[<prev] [next>] [<thread-prev] [thread-next>] [day] [month] [year] [list]
Message-Id: <ee54bf9b02bd2cf8279039ebd08d822ca238bca3.1607332046.git.yuleixzhang@tencent.com>
Date: Mon, 7 Dec 2020 19:30:55 +0800
From: yulei.kernel@...il.com
To: linux-mm@...ck.org, akpm@...ux-foundation.org,
linux-fsdevel@...r.kernel.org, kvm@...r.kernel.org,
linux-kernel@...r.kernel.org, naoya.horiguchi@....com,
viro@...iv.linux.org.uk, pbonzini@...hat.com
Cc: joao.m.martins@...cle.com, rdunlap@...radead.org,
sean.j.christopherson@...el.com, xiaoguangrong.eric@...il.com,
kernellwp@...il.com, lihaiwei.kernel@...il.com,
Yulei Zhang <yuleixzhang@...cent.com>,
Xiao Guangrong <gloryxiao@...cent.com>
Subject: [RFC V2 02/37] mm: support direct memory reservation
From: Yulei Zhang <yuleixzhang@...cent.com>
Introduce 'dmem=' to reserve system memory for DMEM (direct memory),
comparing with 'mem=' and 'memmap', it reserves memory based on the
topology of NUMA, for the detailed info, please refer to
kernel-parameters.txt
Signed-off-by: Xiao Guangrong <gloryxiao@...cent.com>
Signed-off-by: Yulei Zhang <yuleixzhang@...cent.com>
---
Documentation/admin-guide/kernel-parameters.txt | 38 +++
arch/x86/kernel/setup.c | 3 +
include/linux/dmem.h | 16 ++
mm/Kconfig | 8 +
mm/Makefile | 1 +
mm/dmem.c | 137 +++++++++++
mm/dmem_reserve.c | 303 ++++++++++++++++++++++++
7 files changed, 506 insertions(+)
create mode 100644 include/linux/dmem.h
create mode 100644 mm/dmem.c
create mode 100644 mm/dmem_reserve.c
diff --git a/Documentation/admin-guide/kernel-parameters.txt b/Documentation/admin-guide/kernel-parameters.txt
index 526d65d..78caf11 100644
--- a/Documentation/admin-guide/kernel-parameters.txt
+++ b/Documentation/admin-guide/kernel-parameters.txt
@@ -991,6 +991,44 @@
The filter can be disabled or changed to another
driver later using sysfs.
+ dmem=[!]size[KMG]
+ [KNL, NUMA] When CONFIG_DMEM is set, this means
+ the size of memory reserved for dmemfs on each NUMA
+ memory node and 'size' must be aligned to the default
+ alignment that is the size of memory section which is
+ 128M by default on x86_64. If set '!', such amount of
+ memory on each node will be owned by kernel and dmemfs
+ owns the rest of memory on each node.
+ Example: Reserve 4G memory on each node for dmemfs
+ dmem = 4G
+
+ dmem=[!]size[KMG]:align[KMG]
+ [KNL, NUMA] Ditto. 'align' should be power of two and
+ not smaller than the default alignment.

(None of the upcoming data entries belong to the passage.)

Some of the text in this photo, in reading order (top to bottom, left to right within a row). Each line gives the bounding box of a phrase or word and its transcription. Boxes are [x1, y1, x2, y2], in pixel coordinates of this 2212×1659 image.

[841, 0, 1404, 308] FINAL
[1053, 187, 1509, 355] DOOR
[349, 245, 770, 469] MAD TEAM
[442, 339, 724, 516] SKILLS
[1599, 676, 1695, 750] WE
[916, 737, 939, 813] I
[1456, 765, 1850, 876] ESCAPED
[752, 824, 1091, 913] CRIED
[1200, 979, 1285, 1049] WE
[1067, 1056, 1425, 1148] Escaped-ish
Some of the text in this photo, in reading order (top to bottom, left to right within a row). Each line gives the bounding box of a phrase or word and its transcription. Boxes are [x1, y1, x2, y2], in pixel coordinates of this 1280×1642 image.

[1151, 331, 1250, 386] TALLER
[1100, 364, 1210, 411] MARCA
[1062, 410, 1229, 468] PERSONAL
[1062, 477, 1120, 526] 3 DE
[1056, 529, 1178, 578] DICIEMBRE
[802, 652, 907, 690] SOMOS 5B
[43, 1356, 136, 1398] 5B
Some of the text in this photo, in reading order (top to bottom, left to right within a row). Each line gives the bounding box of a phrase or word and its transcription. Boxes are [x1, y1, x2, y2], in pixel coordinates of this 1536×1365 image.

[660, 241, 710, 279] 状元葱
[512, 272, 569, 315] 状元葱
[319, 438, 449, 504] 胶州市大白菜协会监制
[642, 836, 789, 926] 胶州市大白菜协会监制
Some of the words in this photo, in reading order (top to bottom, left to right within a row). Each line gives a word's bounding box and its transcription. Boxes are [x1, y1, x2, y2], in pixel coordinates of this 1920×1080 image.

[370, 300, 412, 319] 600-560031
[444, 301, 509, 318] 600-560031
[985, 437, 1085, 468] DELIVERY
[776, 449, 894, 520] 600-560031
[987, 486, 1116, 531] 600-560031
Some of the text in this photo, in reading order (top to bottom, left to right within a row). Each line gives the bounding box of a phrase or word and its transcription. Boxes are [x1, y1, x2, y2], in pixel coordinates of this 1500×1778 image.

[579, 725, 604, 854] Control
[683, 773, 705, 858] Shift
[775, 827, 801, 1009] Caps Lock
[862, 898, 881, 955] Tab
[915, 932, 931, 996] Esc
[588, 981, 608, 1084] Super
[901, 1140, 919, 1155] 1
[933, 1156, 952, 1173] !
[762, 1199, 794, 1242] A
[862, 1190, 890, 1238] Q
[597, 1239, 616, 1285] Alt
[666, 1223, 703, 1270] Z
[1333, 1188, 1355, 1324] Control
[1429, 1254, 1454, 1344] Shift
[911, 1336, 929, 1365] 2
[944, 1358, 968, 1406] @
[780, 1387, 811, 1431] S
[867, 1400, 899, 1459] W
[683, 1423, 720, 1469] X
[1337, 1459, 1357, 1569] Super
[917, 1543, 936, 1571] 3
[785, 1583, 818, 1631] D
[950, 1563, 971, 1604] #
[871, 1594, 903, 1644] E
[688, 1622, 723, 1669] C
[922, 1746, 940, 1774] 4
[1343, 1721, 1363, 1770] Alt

Also 'size'
+ must be aligned to 'align'.
+ Example: Bad dmem parameter because 'size' misaligned
+ dmem=0x40200000:1G
+
+ dmem=size[KMG]@addr[KMG]
+ [KNL] When CONFIG_DMEM is set, this marks specific
+ memory as reserved for dmemfs. Region of memory will be
+ used by dmemfs, from addr to addr + size. Reserving a
+ certain memory region for kernel is illegal so '!' is
+ forbidden. Should not assign 'addr' to 0 because kernel
+ will occupy fixed memory region beginning at 0 address.
+ Ditto, 'size' and 'addr' must be aligned to default
+ alignment.
+ Example: Exclude memory from 5G-6G for dmemfs.
+ dmem=1G@5G
+
+ dmem=size[KMG]@addr[KMG]:align[KMG]
+ [KNL] Ditto. 'align' should be power of two and
+ not smaller than the default alignment. Also 'size'
+ and 'addr' must be aligned to 'align'. Specially,
+ '@...r' and ':align' could occur in any order.
+ Example: Exclude memory from 5G-6G for dmemfs.
+ dmem=1G:1G@5G
+
driver_async_probe= [KNL]
List of driver names to be probed asynchronously.
Format: <driver_name1>,<driver_name2>...
diff --git a/arch/x86/kernel/setup.c b/arch/x86/kernel/setup.c
index 84f581c..9d05e1b 100644
--- a/arch/x86/kernel/setup.c
+++ b/arch/x86/kernel/setup.c
@@ -48,6 +48,7 @@
#include <asm/unwind.h>
#include <asm/vsyscall.h>
#include <linux/vmalloc.h>
+#include <linux/dmem.h>
/*
* max_low_pfn_mapped: highest directly mapped pfn < 4 GB
@@ -1149,6 +1150,8 @@ void __init setup_arch(char **cmdline_p)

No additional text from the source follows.